The fourth quarter earnings reflect a decrease in net interest income and higher expenses. Yet experts point out that investors should take note that certain circumstances—such as the impact of Navient breaking off from Sallie in 2014 and the subsequent restructuring expenses—were not taken into consideration when reporting the quarter four 2016 earnings. In addition, Navient did record a growth in non-interest income, as well as lower provision for credit losses in the quarter.
The report also put the company’s GAAP net income at $145 million (48 cents per share). For all of 2016, core EPS was $1.82, missing the Zacks Consensus Estimate by one penny. Yet it was an improvement from the prior year, which ended at $1.79.
Navient’s Federally Guaranteed Student Loans (FFELP) core earnings decreased by 4.2 percent, while its private loans were down over 26 percent. The total rate for students failing to make payments on their loans was 7.4 percent.
Despite weaker Q4 earnings—and the additional impact of the federal and state lawsuits filed against Navient in the last week, which accuse the company of misleading borrowers into higher payments and other charges—experts still expect the company to be a leader in the student-lending industry. Navient currently services more than $300 billion in student loans.
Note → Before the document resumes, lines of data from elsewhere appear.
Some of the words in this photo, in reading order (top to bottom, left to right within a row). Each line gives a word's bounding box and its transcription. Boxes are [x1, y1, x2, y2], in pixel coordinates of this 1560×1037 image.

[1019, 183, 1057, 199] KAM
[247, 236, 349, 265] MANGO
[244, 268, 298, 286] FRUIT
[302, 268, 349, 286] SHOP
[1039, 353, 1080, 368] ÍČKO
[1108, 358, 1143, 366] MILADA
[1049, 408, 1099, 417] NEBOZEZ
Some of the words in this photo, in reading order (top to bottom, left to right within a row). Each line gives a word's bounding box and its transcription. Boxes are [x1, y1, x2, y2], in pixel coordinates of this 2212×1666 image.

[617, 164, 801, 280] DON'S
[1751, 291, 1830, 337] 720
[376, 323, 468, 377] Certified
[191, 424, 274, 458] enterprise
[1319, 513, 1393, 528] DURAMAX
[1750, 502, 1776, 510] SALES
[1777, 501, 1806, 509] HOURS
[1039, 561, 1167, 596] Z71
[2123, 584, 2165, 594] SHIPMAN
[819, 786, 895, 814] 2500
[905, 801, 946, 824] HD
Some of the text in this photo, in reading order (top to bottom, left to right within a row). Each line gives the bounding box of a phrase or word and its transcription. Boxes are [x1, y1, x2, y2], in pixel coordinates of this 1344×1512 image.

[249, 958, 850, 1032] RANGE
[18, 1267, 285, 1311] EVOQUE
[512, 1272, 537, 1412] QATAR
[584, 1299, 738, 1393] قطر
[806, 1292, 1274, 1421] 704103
On that note, the value of various different private companies involved in student loans, including student loan servicers, private banks, and private consolidation lenders, are also likely to change. In fact, they are expected to rise in value with the new policies implemented by the Trump Administration. With that in mind, it will be interesting to see how Navient reacts compared to the rest of the field in the next year.